Now, it would seem from the general
history, that this city and tower were not commenced until after the
time of the flood, and by the descendants of Noah; but the spiritual
history is above time, reaching the states of men in all ages.
Preparations for the building of this tower commenced with the
commencement of the fall, and the first false, selfish principle,
received into the human heart, was the first brick laid. And,
therefore, our subject embraces the great theme of the fall of man
and its consequences. As we stand aloof in silent contemplation,
surveying the awful magnitude and consequences of this subject, it
points us back to the calm and genial sphere of Paradisiacal days,
where the imagination beholds the mental world, in its primeval
beauty and innocence; where all was harmony within, and brightness
without, and the whole earth was of one language and of one speech;
when pure affection was sweetly manifest in every look, and tone,
and act; when men's hearts were one and their speech one.
In passing the eyes along the
brighter portion of this mingled picture, we next behold this happy
people leaving their halcyon Paradise, their heavenly groves and
sunny climes, to take a journey away from the glorious East, from
whence had come all their joys. Yes: we behold them turning their
backs to the light, the life, the joy, the heaven, the God and
Father of all their blessings. For their own selfhood is now
beginning to feel its importance, and to become active. New things
are exciting their curiosity, and new experiments must be tried. And
as they journeyed on in their selfish way, we follow them along
their devious paths, down from the sunny hillsides of truth and
love, where the fruits of righteousness and peace grow spontaneously
on all the trees of the garden, except that of their own
self-knowledge; and now we come to the gloomy plain of error and
unkindness, where they feed upon the bitter fruits of their own
depraved devices. And here, in this low, dark, selfish valley, they
built that city of falsities and tower of arrogance which have
spread consternation, distress, and woe over the whole face of the
earth.
From the brief account, given in the
Word, of this journey and tower-building, one would suppose it was
all accomplished in a short time; at least, within the common age of
man.

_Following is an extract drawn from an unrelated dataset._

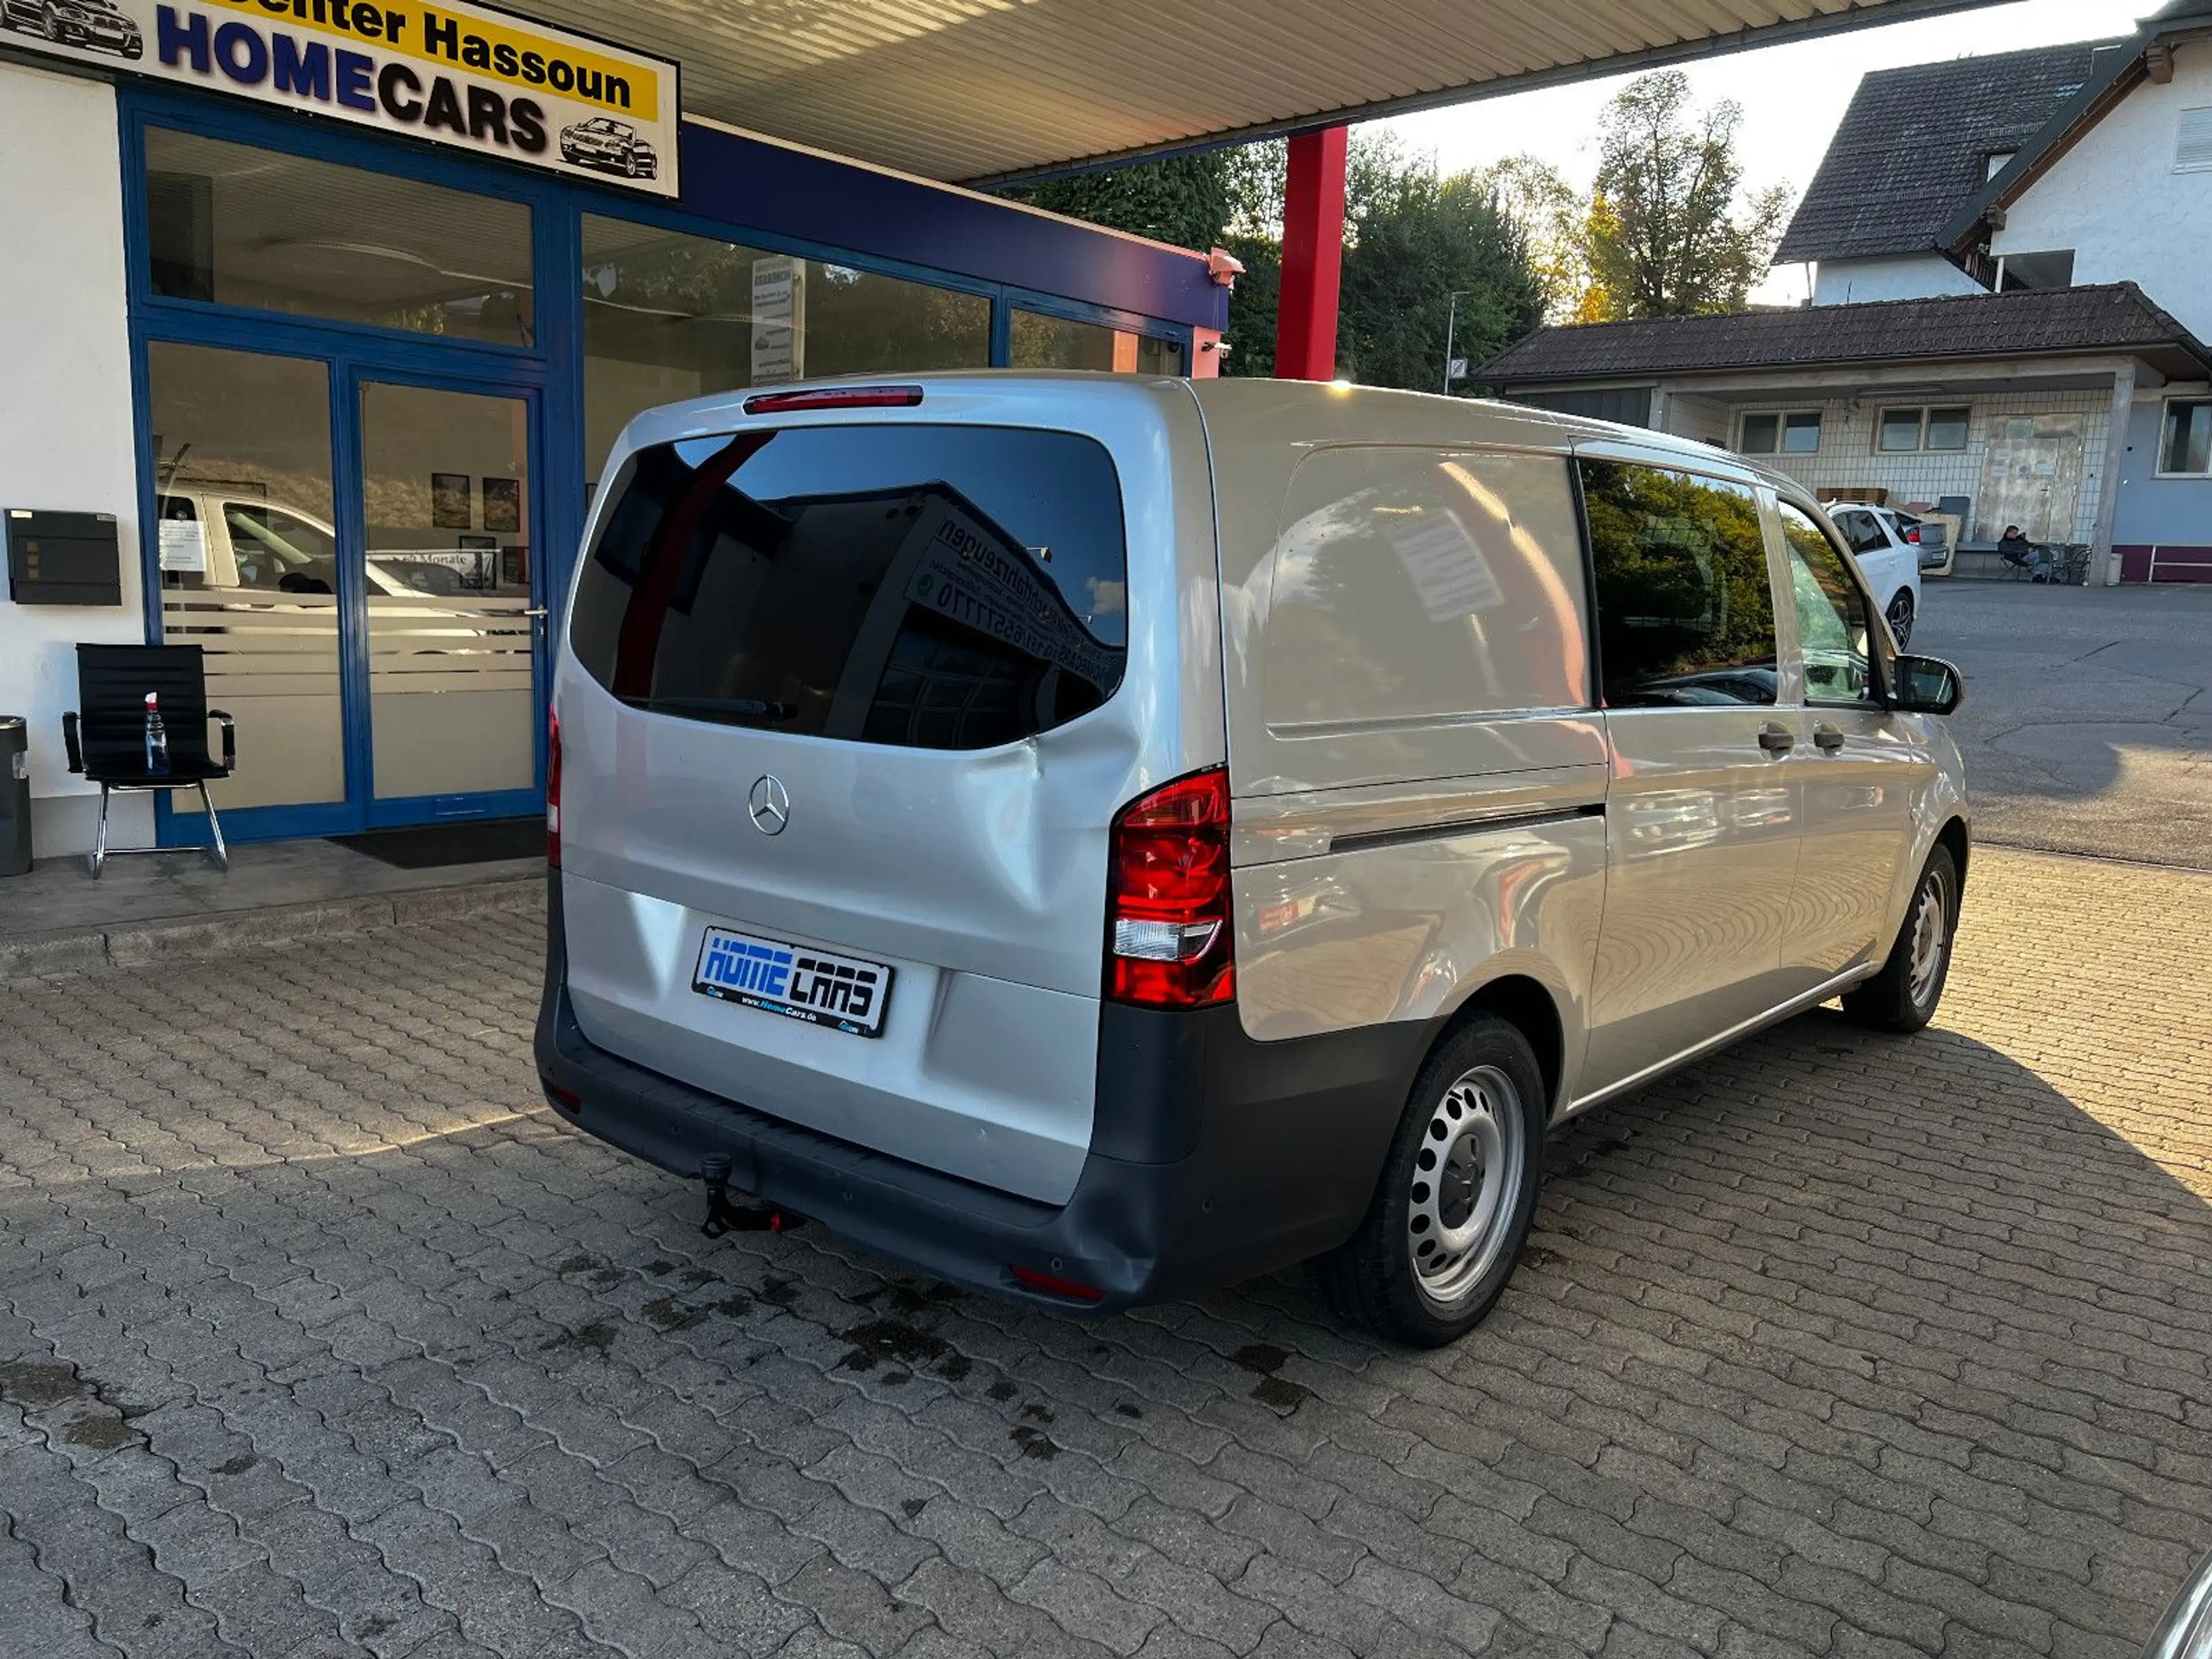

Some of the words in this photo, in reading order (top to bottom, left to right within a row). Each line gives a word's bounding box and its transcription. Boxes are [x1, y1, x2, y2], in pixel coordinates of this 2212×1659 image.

[157, 4, 547, 153] HOMECARS
[424, 12, 632, 109] Hassoun
[742, 996, 817, 1021] www.HomeCars.de

And yet, it must have taken thousands of years—many
generations. For slow must be the progress, whereby a pure and
spotless people could become evil and false, so as entirely to lose
sight of the true law of the heart and light of the mind; and thus
become blind to the symbolic language of the universe, in which they
were educated—that beautiful analogical relation of cause and
effect, which ever exists between the world of mind and the world of
matter—their own and only native language. But such is the wonderful
character of the Holy Word, that one divine idea grasps the whole;
for even the parts are infinite.
Let us then come to the Holy Word,
for a true knowledge of humanity in the present age of the world,
the age which most of all concerns us. And let us study it from the
heart. For this is, indeed, an age of Babylonian cities and towers.
Every sinful heart has its Babel, and every wicked people, their
base city and tower. There is now no civil or religious government
on the earth, that is entirely free from that diabolical city and
tower, built in the land of Shinar. But although we behold these
false cities and gigantic towers all over the world, and see poor
humanity writhing under the pain and anguish of dominant cruelty;
yet, let us take courage, for the remedy is also at hand, and the
promise of a glorious age to come is bright. Pure symbolic light,
from the Holy Word, is now freely offered us, whereby we can
rationally test the character of all cities and towers; and, in the
divine power of this light, we can abandon the cities of the plains
and flee to the mountains. We can come back to the Paradise of God,
and feast our souls upon the Tree of Life. All the gates of the
heavenly garden are thrown open for our reception. The various
flowers give forth their odors, and the breath of the morning comes
laden with love. Angelic arms are open to receive us, and heavenly
choirs will chant praises to God. Let us then build no cities nor
towers ourselves, nor accept any of man's building. But let us
freely enter the Divine City which cometh down from, God out of
heaven; whose builder and maker is God: where grows the Tree of
Life, whose leaves never fade, and whose fruits never decay. Then
shall we be able truly to "praise the Lord for His goodness, and for
His wonderful works to the children of men."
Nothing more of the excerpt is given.